TASK DETAILS: Where an image appears, leave it out; otherwise repeat the data exactly.

Saved entries:
= = = =

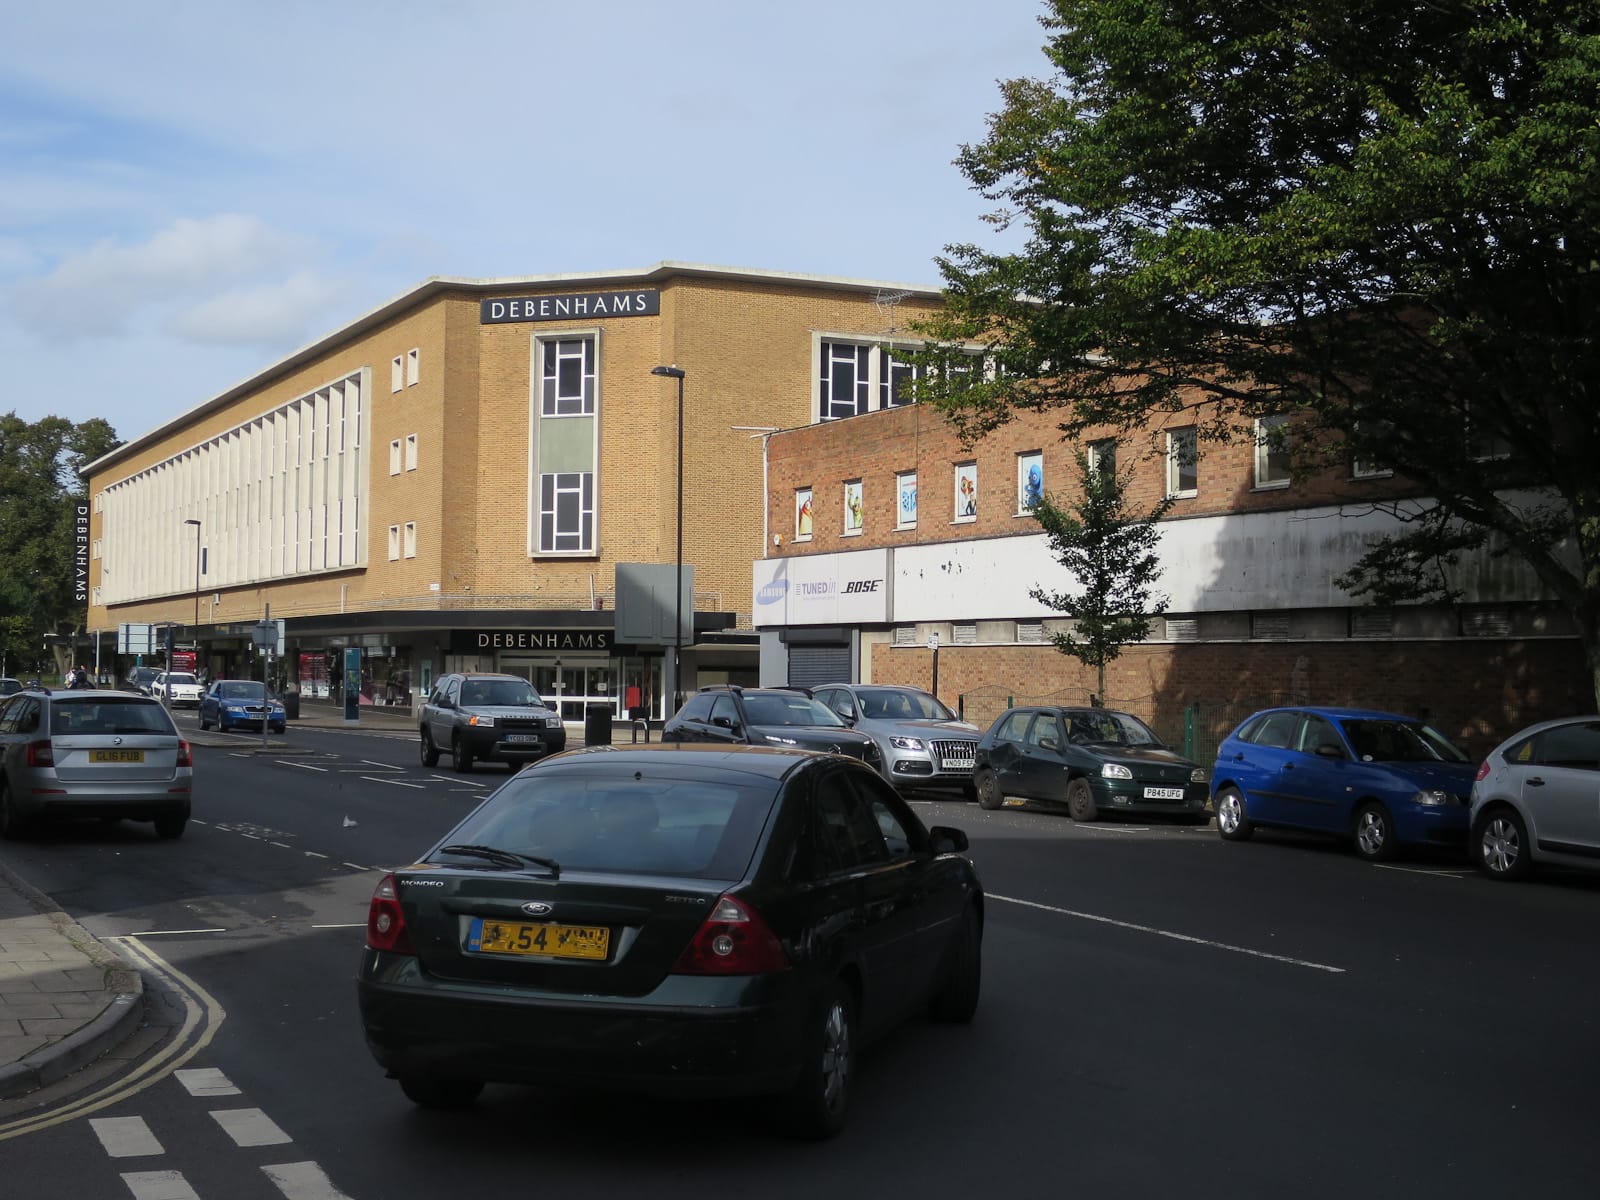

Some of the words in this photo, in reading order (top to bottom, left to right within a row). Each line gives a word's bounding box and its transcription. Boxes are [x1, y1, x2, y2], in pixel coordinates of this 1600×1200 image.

[491, 294, 647, 319] DEBENHAMS
[76, 506, 88, 601] DEBENHAMS
[841, 579, 884, 594] BOSE
[478, 633, 607, 648] DEBENHAMS
[120, 751, 140, 761] FUB
[1147, 788, 1166, 797] P845
[1166, 789, 1181, 798] UFG
[400, 880, 444, 888] MONDEO

= = = =

THE ANSWER:
Some of the words in this photo, in reading order (top to bottom, left to right within a row). Each line gives a word's bounding box and its transcription. Boxes are [x1, y1, x2, y2], in pixel coordinates of this 1600×1200 image.

[491, 294, 647, 319] DEBENHAMS
[76, 506, 88, 601] DEBENHAMS
[841, 579, 884, 594] BOSE
[478, 633, 607, 648] DEBENHAMS
[120, 751, 140, 761] FUB
[1147, 788, 1166, 797] P845
[1166, 789, 1181, 798] UFG
[400, 880, 444, 888] MONDEO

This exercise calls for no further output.